2. Rebranding and cost leadership: China’s clear advantages as a manufacturing country, which exceed all other major South-east Asian industrial countries, despite a shortage in financing facilities (Harwit 662), can be leveraged by BJC and DaimlerChrysler to create a new (or semi-new) line of jeeps and SUVs for domestic and foreign consumption. Based on current production capacities and outdated technologies, BJC’s products can attract cost-concerned customers, for whom DaimlerChrysler’s current market offerings is out of reach. By strengthening the company’s manufacturing operation, increased economies of scale can improve BJC’s current value for money of its market offerings in China. This strategy’s major drawback, however, is a potential corporate cannibalism towards other brands of the group.
3. Focusing on the institutional market: with an annual GDP growth of about 8 per cent during the period in question (chinability.com), it is safe to assume that the Chinese government spending will increase at similar rates.
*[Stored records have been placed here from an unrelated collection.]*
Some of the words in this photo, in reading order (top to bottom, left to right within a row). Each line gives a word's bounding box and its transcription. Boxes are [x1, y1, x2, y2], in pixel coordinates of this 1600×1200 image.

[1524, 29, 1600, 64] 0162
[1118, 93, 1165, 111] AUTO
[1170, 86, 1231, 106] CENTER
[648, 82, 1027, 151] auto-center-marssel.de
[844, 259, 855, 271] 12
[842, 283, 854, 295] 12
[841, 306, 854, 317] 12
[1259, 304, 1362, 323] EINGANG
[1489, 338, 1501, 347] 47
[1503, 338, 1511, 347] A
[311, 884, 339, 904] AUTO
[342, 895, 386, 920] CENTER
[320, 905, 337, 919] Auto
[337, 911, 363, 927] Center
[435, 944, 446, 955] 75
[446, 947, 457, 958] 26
Therefore, by expanding the ties with the government and offering a wider product line, which will meet more of its needs (in terms of e.g. defense vehicles and public works), BJC will be able to grow without making drastic changes in its operations. This will allow BJC to retain most of its current competitive advantages and to support growth with less sensitivity to fluctuations in consumer markets. However, pursuing such a strategy would imply that the company’s decision-making would continue to be subject to government opinion, which may not be always economically reasonable.
“When in Rome, do as the Romans do,” St. Ambrose’s famous quote, is as truthful today as it was in the forth century A.D. China is a huge market with immense potential, but it is nonetheless a tightly controlled economy, where business ventures may collapse almost overnight due to government-imposed obstacles and considerable political risk (Kotaki). As long as the Chinese government is on BJC’s side, the company must continue nurturing these relations, rather than reading the relations with the WTO and the rise in consumer demand as a permission to take unnecessary risks.
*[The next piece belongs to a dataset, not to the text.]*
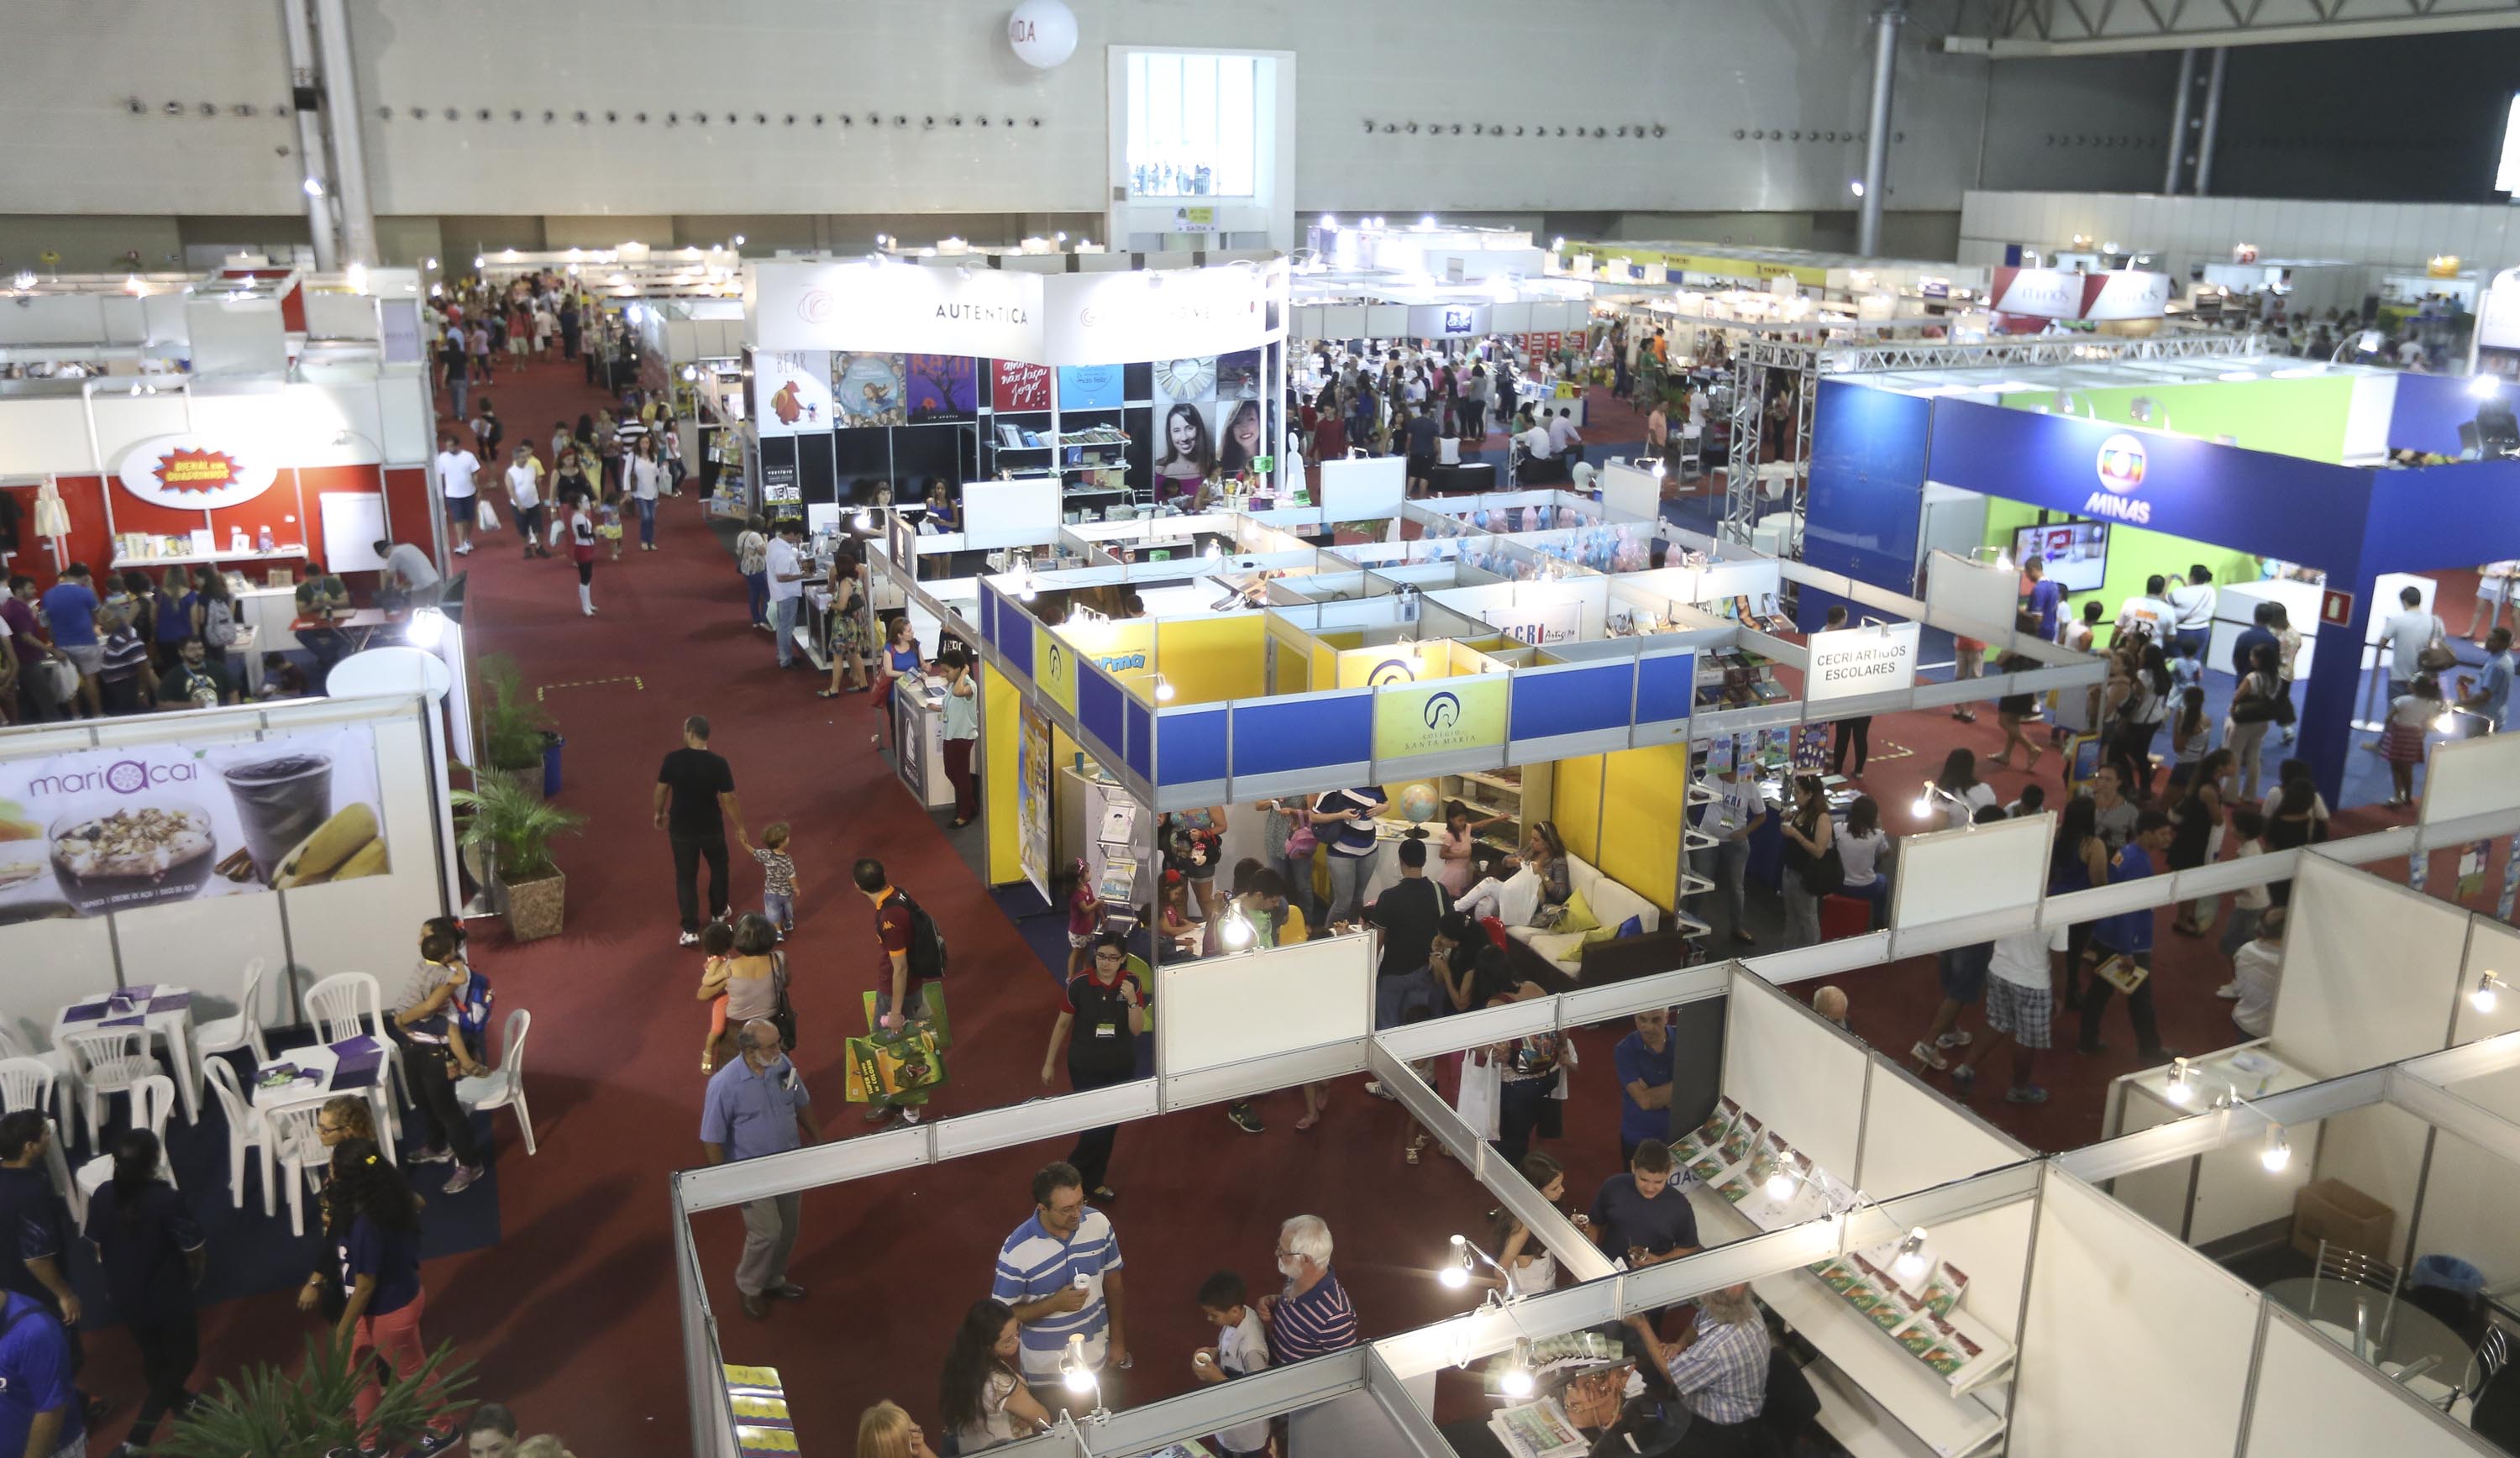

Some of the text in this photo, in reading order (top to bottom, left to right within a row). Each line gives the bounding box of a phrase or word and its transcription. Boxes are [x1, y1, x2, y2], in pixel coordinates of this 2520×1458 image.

[2083, 491, 2151, 524] MINAS
[1817, 652, 1853, 666] CECRI
[1825, 662, 1895, 681] ESCOLARES
[1404, 735, 1476, 750] SANTA MARIA
BJC has the production capacities needed to leverage its guanxi with Chinese officials into a broader line of products for public consumption. Such products include, among others, several types of light trucks, chasses for armed vehicles, and other modifications of the current product line, to supply cheap and reliable vehicles to meet the needs of national and local authorities. One of the merits of this strategy is the fact that it is based on current production capacities, and even modifications would arguably be less expensive than any other initiative in China. Finally, in the long term, it is possible that BJC will facilitate tighter relations between the group and the Chinese government, whose fiscal policy is not subject to WTO stipulations.